As we begin to think we understand the paradox, we ourselves do change — but we change only into Keatses at the wedding feast of the still unravished bride. There at the feast, looking up from the table to catch the eye of Droste’s nursing sister, we may go roguish and ask her, “What is in your tin” — but the moment we get that far, we become conscious of having learned something scary about the limits of our ability to express. Actually, strictly speaking (the nun’s ruler comes down with a whack), what we have just thought isn’t yet ready, never will be ready, to be punctuated with a question mark. It hasn’t become a question because a question entails a terminally punctuated answer, and the series “What is in your tin is in your tin is in your tin . . .” is not that, whatever else it may be.
—
Now look at this other picture of a picture. It’s a nineteenth-century photograph of the kind called a tintype: a direct-positive image that registers on the eye by reflection from the photoreduced silver in an emulsion laid down on a sheet of black-painted metal. Tintypes were generally of low contrast and low quality, but they were popular as keepsakes because they were inexpensive. At the cost only of a small investment, they got busy on their return by helping memory work.
Backed up against her own layer of tin, Sister Droste does the same thing, and furthermore she advances toward memory unprotected by any frontal armor. By contrast, the low-contrast man in the tintype evades direct perception because he is enclosed in a case with a glass front. Between him and us is his pane.

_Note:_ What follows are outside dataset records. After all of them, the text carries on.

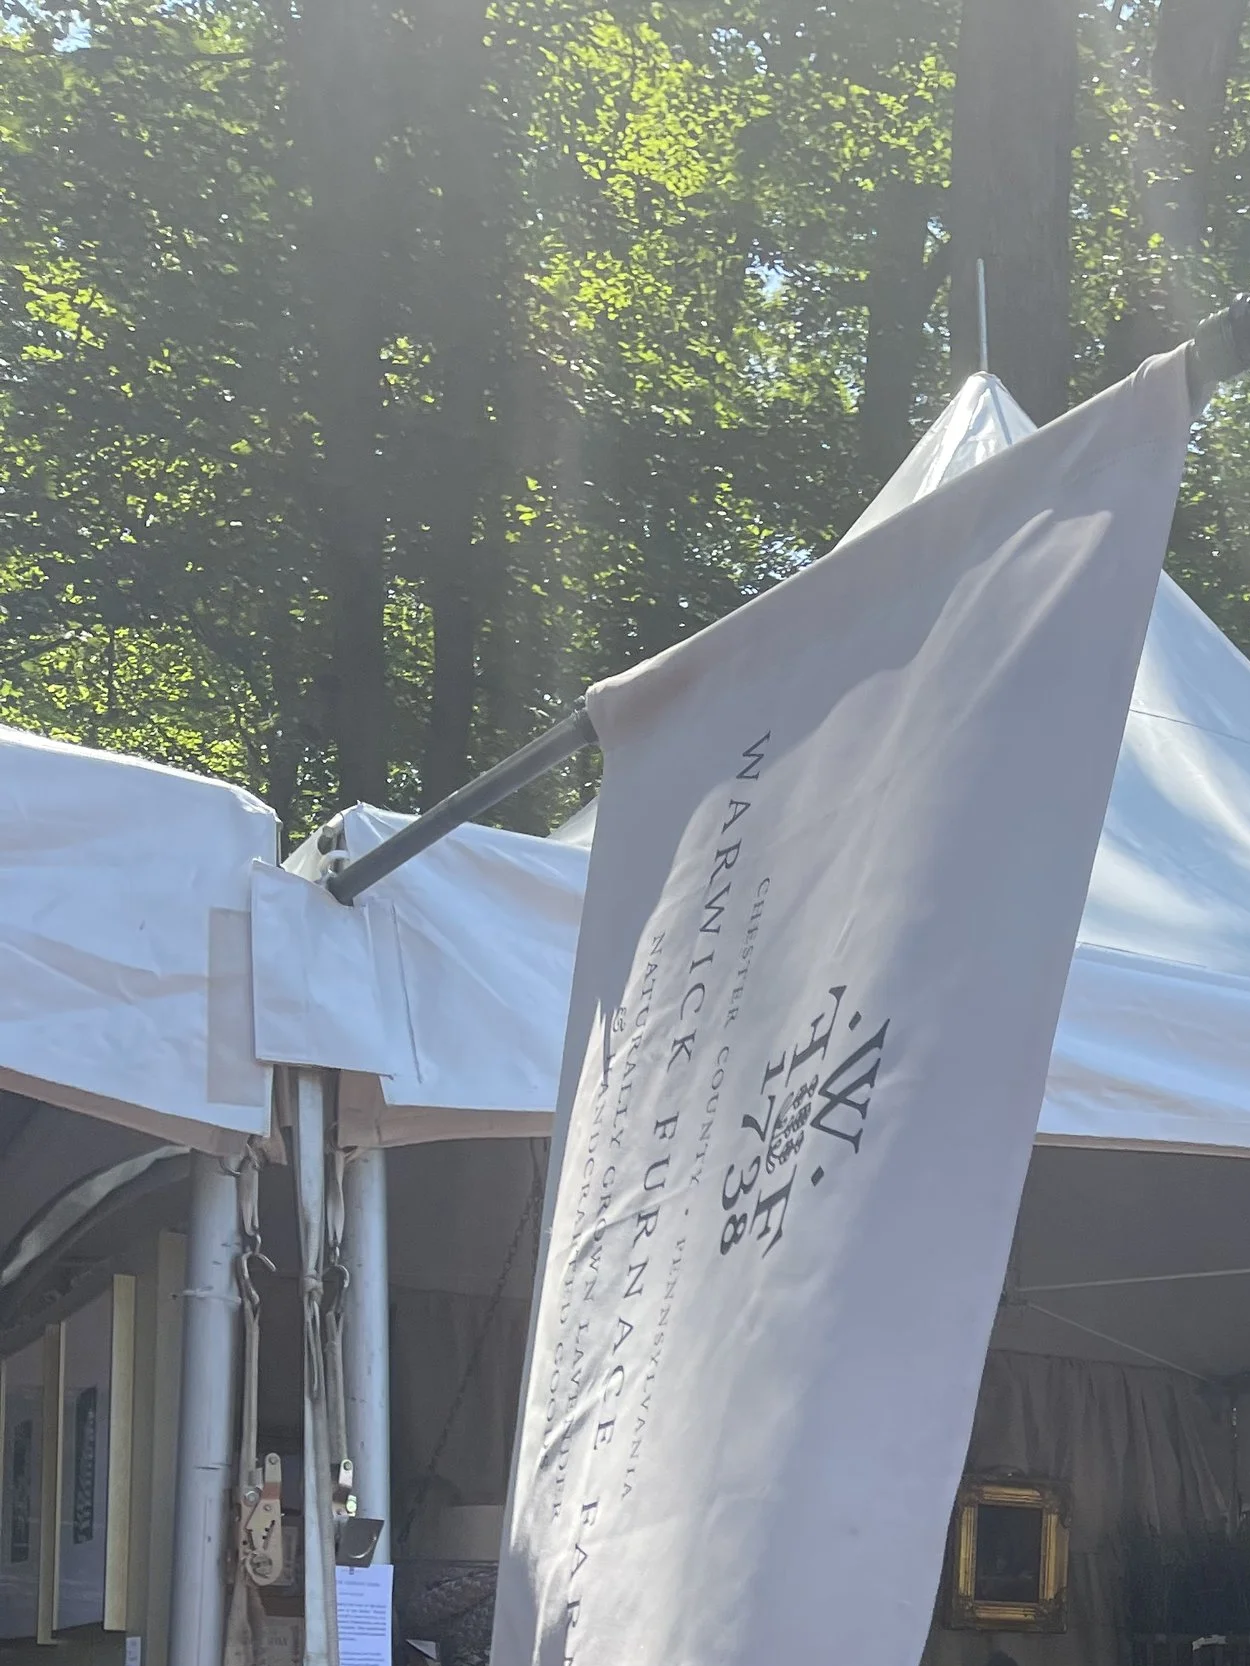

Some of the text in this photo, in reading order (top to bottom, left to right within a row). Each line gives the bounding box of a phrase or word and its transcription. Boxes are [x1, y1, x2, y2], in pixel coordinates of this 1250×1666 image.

[611, 931, 665, 1150] NATURALLY
[667, 729, 772, 1073] WARWICK
[583, 1165, 616, 1301] GROWN
[593, 1111, 680, 1450] FURNACE
[621, 877, 770, 1501] CHESTER COUNTY PENNSYLVANIA

But within this particular frame the word “unidentified” prevents a Droste series from beginning because it precludes us from conceptualizing the enclosed images as a formal unity. Having been named with a word (“Unidentified”), the images now enter our minds as words: words approaching us not the way images do, in simultaneity, but as texts do, one by one, in a sequence whose constituents may or may not be related to one another. The soldier in the photograph may or may not be holding a photograph of himself, but we’ll never know. The cup of Droste will pass from us.

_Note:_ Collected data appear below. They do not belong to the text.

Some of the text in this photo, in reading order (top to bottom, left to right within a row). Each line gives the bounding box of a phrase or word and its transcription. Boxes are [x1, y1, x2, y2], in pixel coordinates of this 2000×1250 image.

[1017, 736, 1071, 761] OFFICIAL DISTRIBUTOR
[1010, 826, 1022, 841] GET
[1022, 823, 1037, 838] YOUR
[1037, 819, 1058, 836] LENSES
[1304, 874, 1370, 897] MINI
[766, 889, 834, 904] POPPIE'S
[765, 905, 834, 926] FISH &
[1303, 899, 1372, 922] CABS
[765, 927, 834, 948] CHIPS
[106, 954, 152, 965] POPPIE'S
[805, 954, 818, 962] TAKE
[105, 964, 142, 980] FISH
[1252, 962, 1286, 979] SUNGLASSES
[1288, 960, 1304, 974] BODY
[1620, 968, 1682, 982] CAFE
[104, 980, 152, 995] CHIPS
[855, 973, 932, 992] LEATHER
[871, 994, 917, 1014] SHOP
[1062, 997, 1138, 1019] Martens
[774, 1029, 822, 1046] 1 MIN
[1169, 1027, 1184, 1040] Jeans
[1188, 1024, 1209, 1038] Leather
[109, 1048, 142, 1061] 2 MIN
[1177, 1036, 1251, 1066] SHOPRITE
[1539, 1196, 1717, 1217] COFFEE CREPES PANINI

But whatever the soldier is holding now, at the moment of our perception, he holds it up to the pane that separates him from us. On our side of the pane, at this very instant, in bathrooms all over the world, people are busily acting out a belief that holding a cellphone up to a mirror will teach the cosmos what the word “self” means. But on the far side of the soldier’s unreflecting little slip of antique glass, Narcissus himself has gone invisible. One tantalizing moment after a hand behind the pane has beckoned to us, the pane goes unbreakable and the unidentified All behind the pane goes permanent.
Or, as Keats put it in a little shard of a poem that he didn’t get to protect from touch behind glass before he died:
This living hand, now warm and capable
Of earnest grasping, would, if it were cold
And in the icy silence of the tomb,
So haunt thy days and chill thy dreaming nights
That thou wouldst wish thine own heart dry of blood
So in my veins red life might stream again,
And thou be conscience-calm’d — see here it is —
I hold it towards you.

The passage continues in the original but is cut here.